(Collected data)
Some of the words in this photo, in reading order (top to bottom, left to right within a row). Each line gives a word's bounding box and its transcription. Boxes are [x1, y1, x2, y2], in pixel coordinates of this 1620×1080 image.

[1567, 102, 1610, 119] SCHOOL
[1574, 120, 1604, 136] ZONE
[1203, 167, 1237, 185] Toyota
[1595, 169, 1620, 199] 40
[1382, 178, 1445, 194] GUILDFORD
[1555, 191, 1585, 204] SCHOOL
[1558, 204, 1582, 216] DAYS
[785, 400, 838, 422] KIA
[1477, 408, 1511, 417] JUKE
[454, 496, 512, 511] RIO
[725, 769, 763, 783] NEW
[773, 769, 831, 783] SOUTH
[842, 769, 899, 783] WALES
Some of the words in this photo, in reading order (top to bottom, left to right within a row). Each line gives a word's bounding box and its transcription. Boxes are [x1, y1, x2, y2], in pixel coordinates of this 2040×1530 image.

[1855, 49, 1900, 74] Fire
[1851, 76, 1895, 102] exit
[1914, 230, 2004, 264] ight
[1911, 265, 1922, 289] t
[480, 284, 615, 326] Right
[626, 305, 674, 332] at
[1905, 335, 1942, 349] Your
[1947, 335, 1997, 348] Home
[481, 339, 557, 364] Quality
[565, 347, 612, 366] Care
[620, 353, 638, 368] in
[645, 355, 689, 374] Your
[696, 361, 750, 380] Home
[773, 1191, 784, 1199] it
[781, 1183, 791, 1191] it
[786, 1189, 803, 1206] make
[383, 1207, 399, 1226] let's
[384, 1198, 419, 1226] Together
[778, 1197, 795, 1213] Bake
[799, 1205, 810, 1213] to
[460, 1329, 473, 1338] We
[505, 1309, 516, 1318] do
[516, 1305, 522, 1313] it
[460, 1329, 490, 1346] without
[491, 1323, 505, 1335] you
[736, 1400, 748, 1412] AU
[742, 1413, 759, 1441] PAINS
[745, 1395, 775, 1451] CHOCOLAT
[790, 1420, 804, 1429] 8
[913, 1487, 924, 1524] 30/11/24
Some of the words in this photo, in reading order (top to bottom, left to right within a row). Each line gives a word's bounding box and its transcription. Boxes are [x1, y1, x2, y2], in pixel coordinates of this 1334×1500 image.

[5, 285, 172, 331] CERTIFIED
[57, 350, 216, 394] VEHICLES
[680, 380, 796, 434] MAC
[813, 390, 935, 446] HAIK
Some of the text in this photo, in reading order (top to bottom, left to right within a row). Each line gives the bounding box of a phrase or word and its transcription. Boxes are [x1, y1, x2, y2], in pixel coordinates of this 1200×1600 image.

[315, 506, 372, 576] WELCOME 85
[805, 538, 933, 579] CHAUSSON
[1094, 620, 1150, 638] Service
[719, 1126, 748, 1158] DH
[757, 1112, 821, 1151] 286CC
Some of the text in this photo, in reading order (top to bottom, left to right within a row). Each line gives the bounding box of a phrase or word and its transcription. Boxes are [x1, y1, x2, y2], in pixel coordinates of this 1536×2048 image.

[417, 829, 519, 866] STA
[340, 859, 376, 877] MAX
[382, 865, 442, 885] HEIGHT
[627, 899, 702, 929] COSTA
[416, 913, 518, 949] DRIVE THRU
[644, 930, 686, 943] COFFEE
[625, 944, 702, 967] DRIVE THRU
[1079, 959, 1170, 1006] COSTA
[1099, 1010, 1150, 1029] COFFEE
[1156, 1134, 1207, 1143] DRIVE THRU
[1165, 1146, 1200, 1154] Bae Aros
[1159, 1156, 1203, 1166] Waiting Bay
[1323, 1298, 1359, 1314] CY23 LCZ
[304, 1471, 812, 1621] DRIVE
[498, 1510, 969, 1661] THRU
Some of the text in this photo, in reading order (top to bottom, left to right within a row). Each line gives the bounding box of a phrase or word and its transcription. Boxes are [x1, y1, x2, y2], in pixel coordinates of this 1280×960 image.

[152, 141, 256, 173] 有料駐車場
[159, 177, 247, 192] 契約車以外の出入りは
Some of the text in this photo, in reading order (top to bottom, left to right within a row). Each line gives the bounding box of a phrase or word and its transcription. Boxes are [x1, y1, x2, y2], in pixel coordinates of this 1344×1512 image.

> **What you should do**:
Would you transcribe the entries above exactly as they appear?

> **Answer for this exercise**:
Some of the words in this photo, in reading order (top to bottom, left to right within a row). Each line gives a word's bounding box and its transcription. Boxes are [x1, y1, x2, y2], in pixel coordinates of this 1620×1080 image.

[1567, 102, 1610, 119] SCHOOL
[1574, 120, 1604, 136] ZONE
[1203, 167, 1237, 185] Toyota
[1595, 169, 1620, 199] 40
[1382, 178, 1445, 194] GUILDFORD
[1555, 191, 1585, 204] SCHOOL
[1558, 204, 1582, 216] DAYS
[785, 400, 838, 422] KIA
[1477, 408, 1511, 417] JUKE
[454, 496, 512, 511] RIO
[725, 769, 763, 783] NEW
[773, 769, 831, 783] SOUTH
[842, 769, 899, 783] WALES
Some of the words in this photo, in reading order (top to bottom, left to right within a row). Each line gives a word's bounding box and its transcription. Boxes are [x1, y1, x2, y2], in pixel coordinates of this 2040×1530 image.

[1855, 49, 1900, 74] Fire
[1851, 76, 1895, 102] exit
[1914, 230, 2004, 264] ight
[1911, 265, 1922, 289] t
[480, 284, 615, 326] Right
[626, 305, 674, 332] at
[1905, 335, 1942, 349] Your
[1947, 335, 1997, 348] Home
[481, 339, 557, 364] Quality
[565, 347, 612, 366] Care
[620, 353, 638, 368] in
[645, 355, 689, 374] Your
[696, 361, 750, 380] Home
[773, 1191, 784, 1199] it
[781, 1183, 791, 1191] it
[786, 1189, 803, 1206] make
[383, 1207, 399, 1226] let's
[384, 1198, 419, 1226] Together
[778, 1197, 795, 1213] Bake
[799, 1205, 810, 1213] to
[460, 1329, 473, 1338] We
[505, 1309, 516, 1318] do
[516, 1305, 522, 1313] it
[460, 1329, 490, 1346] without
[491, 1323, 505, 1335] you
[736, 1400, 748, 1412] AU
[742, 1413, 759, 1441] PAINS
[745, 1395, 775, 1451] CHOCOLAT
[790, 1420, 804, 1429] 8
[913, 1487, 924, 1524] 30/11/24
Some of the words in this photo, in reading order (top to bottom, left to right within a row). Each line gives a word's bounding box and its transcription. Boxes are [x1, y1, x2, y2], in pixel coordinates of this 1334×1500 image.

[5, 285, 172, 331] CERTIFIED
[57, 350, 216, 394] VEHICLES
[680, 380, 796, 434] MAC
[813, 390, 935, 446] HAIK
Some of the text in this photo, in reading order (top to bottom, left to right within a row). Each line gives the bounding box of a phrase or word and its transcription. Boxes are [x1, y1, x2, y2], in pixel coordinates of this 1200×1600 image.

[315, 506, 372, 576] WELCOME 85
[805, 538, 933, 579] CHAUSSON
[1094, 620, 1150, 638] Service
[719, 1126, 748, 1158] DH
[757, 1112, 821, 1151] 286CC
Some of the text in this photo, in reading order (top to bottom, left to right within a row). Each line gives the bounding box of a phrase or word and its transcription. Boxes are [x1, y1, x2, y2], in pixel coordinates of this 1536×2048 image.

[417, 829, 519, 866] STA
[340, 859, 376, 877] MAX
[382, 865, 442, 885] HEIGHT
[627, 899, 702, 929] COSTA
[416, 913, 518, 949] DRIVE THRU
[644, 930, 686, 943] COFFEE
[625, 944, 702, 967] DRIVE THRU
[1079, 959, 1170, 1006] COSTA
[1099, 1010, 1150, 1029] COFFEE
[1156, 1134, 1207, 1143] DRIVE THRU
[1165, 1146, 1200, 1154] Bae Aros
[1159, 1156, 1203, 1166] Waiting Bay
[1323, 1298, 1359, 1314] CY23 LCZ
[304, 1471, 812, 1621] DRIVE
[498, 1510, 969, 1661] THRU
Some of the text in this photo, in reading order (top to bottom, left to right within a row). Each line gives the bounding box of a phrase or word and its transcription. Boxes are [x1, y1, x2, y2], in pixel coordinates of this 1280×960 image.

[152, 141, 256, 173] 有料駐車場
[159, 177, 247, 192] 契約車以外の出入りは
Some of the text in this photo, in reading order (top to bottom, left to right within a row). Each line gives the bounding box of a phrase or word and its transcription. Boxes are [x1, y1, x2, y2], in pixel coordinates of this 1344×1512 image.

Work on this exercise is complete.